We attended an analyst briefing by Yinson Holdings (YINSON) last week where we were provided with further insights on the sale of its 50%-stake in Petroleo Nautipa to co-owners Prosafe Production Public Limited (PPPL) for a cash consideration of USD59.3m (RM189m). Management stressed that it had opted to sell as it deemed a purchase of the remaining 50%-stake as too costly (~>40x PER) for an asset that could only yield a slim IRR as at 2022 (extension period of the contract). They also revealed that the sales proceeds would be channelled to debt repayment (not more than US40m (RM120m; for new bids ;)) and surprisingly also for M&A opportunities (~US19m (RM69m)). We are keeping our FY15-16 net profits forecasts unchanged for now given that management is uncertain about the utilisation of proceeds (amount for borrowings and potential M&As). Hence, we maintain our target price of RM2.31 based on 17x CY15 PER. Whilst we like the company for its ambitious outlook and sound management judgement during its bidding process, we believe that its current valuations are unjustifiably steep for now (a premium to larger peer Bumi Armada, which trades at CY14-15 PER of 19.1-16.2x). Hence, we maintain our Underperform call.

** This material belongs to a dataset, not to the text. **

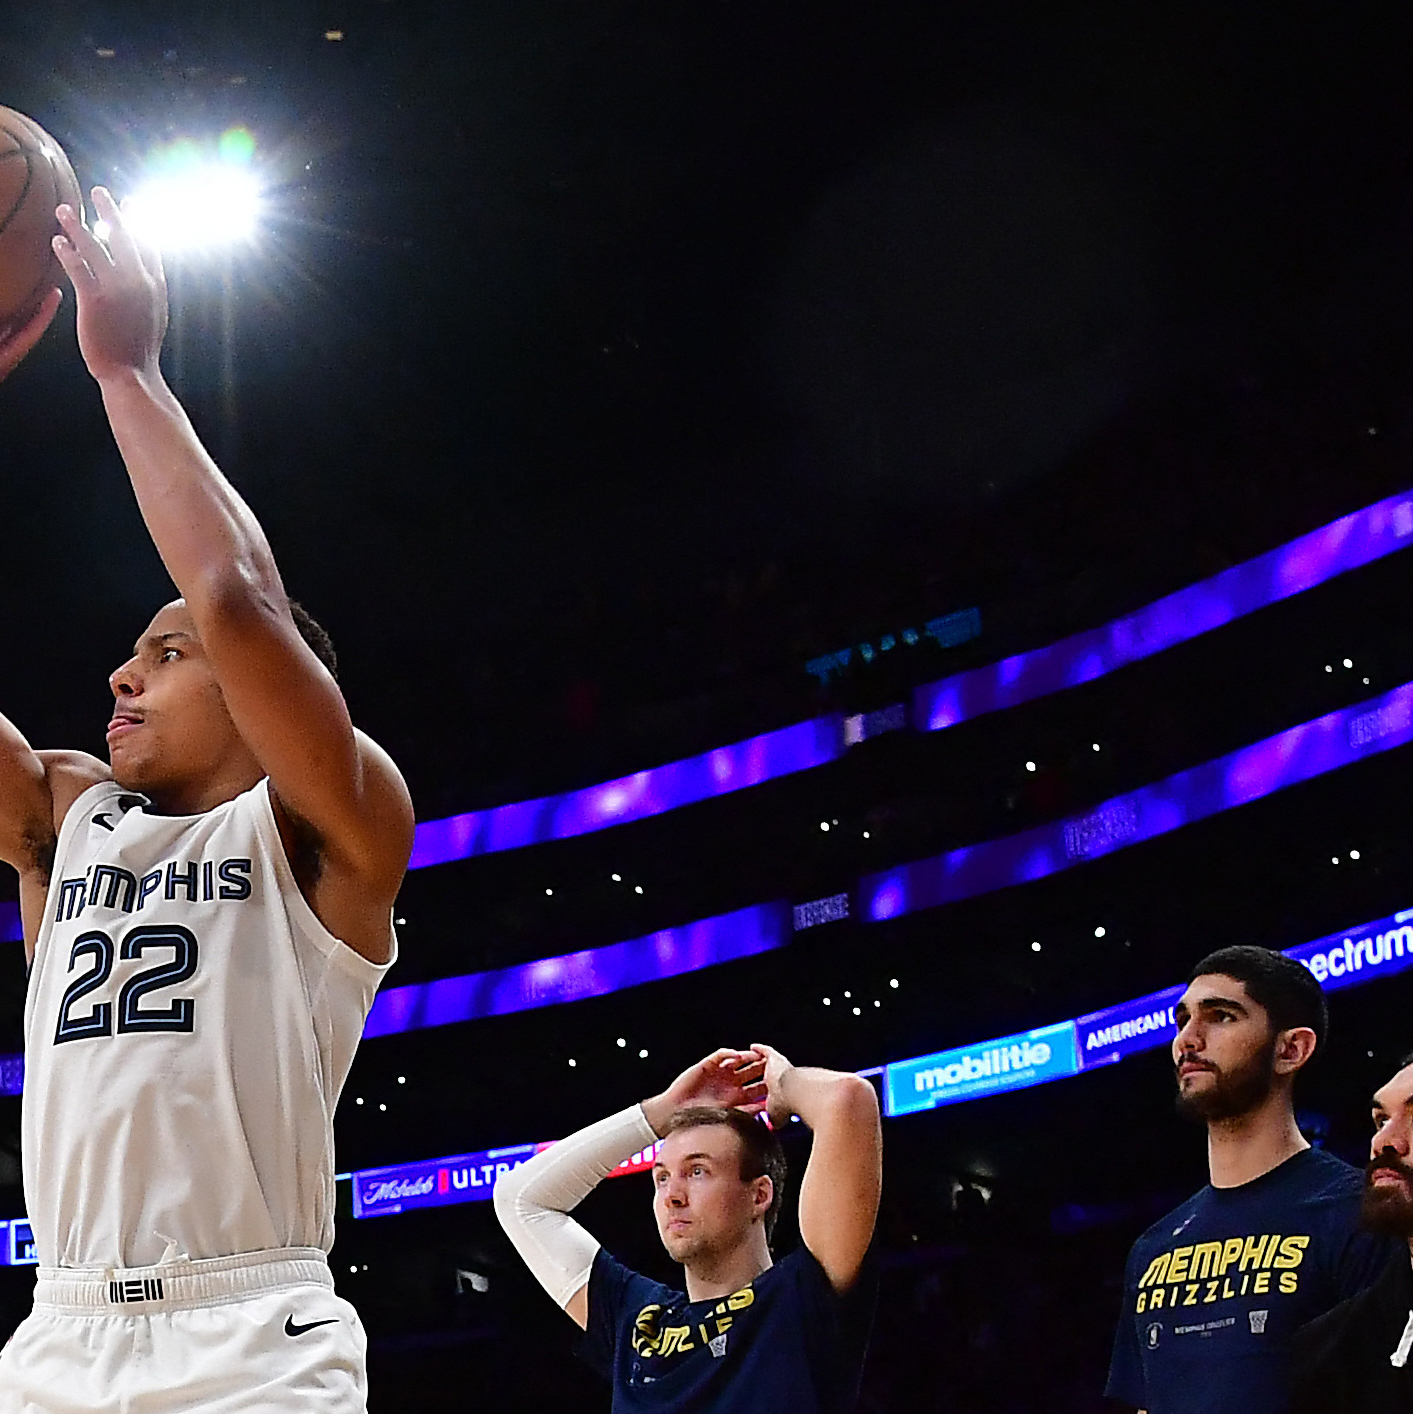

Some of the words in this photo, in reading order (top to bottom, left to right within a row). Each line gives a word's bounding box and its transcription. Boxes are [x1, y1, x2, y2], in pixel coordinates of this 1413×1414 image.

Buydecision, deemed too costly. Management shared that a “buy” decision would have resulted in a slim net profit increment of only c.RM4m p.a as it would have to take into consideration: (i) interest costs from borrowings to fund the purchase and (ii) depreciation costs of c.RM8m p.a. for the cost for the asset (being USD20m above the asset cost of USD40m incurred during Yinson’s purchase of FOP). This means the transaction would have translated into a steep PER (above c.40x).

IRR yield of asset uncompelling. The estimated IRR of the project was guided to be low over the firm and extension contract (firm period is up to 2020 and extension period up to 2022) as such was deemed uncompelling given the potential contract extension risks moving ahead. As the company was reluctant to take on the risk, they opted to let go of Petroleo Nautipa.

Paring down borrowings and potential M&As? YINSON is looking to pare down borrowings (not more than USD40m (c.RM126m) which would bring its net gearing down to 0.64x (from existing 0.74x). The remainder will either be channelled to new wins (YINSON guided it is in three active bids in Africa, Vietnam and Malaysia with the African prospect being the best potential win) or surprisingly, M&A prospects. We find the latter option surprising as YINSON had just completed the FOP deal at the beginning of the year. If there’s any M&A it is likely to fill up shortfall in earnings from new projects that could only contribute in CY16.

Keeping our FY15-16 net profit estimates for now. We estimated that FY15-16 net profit would decrease by 2-9.6% (assuming c. USD40m was repaid). However, given that management is still uncertain on proceeds utilisation, we hold off on any changes to our forecasts for now.

Maintain Underperform call. We maintain out TP of RM2.31/share based on 17x CY15 target PER. Given the downside to current share price of 22.5%, we continue to advocate an UNDERPERFORM on the stock.

Trading at valuations over larger and more experienced peers. Whilst we like the company for its ambition and sound management judgement during its bidding process, we believe that its current valuations are unjustifiably steep for now (a premium to larger and more experienced peers like Bumi Armada, which trades at CY14-15 PER of 19.1-16.2x).

Risks to call include higher than expected margins from contracts from existing businesses.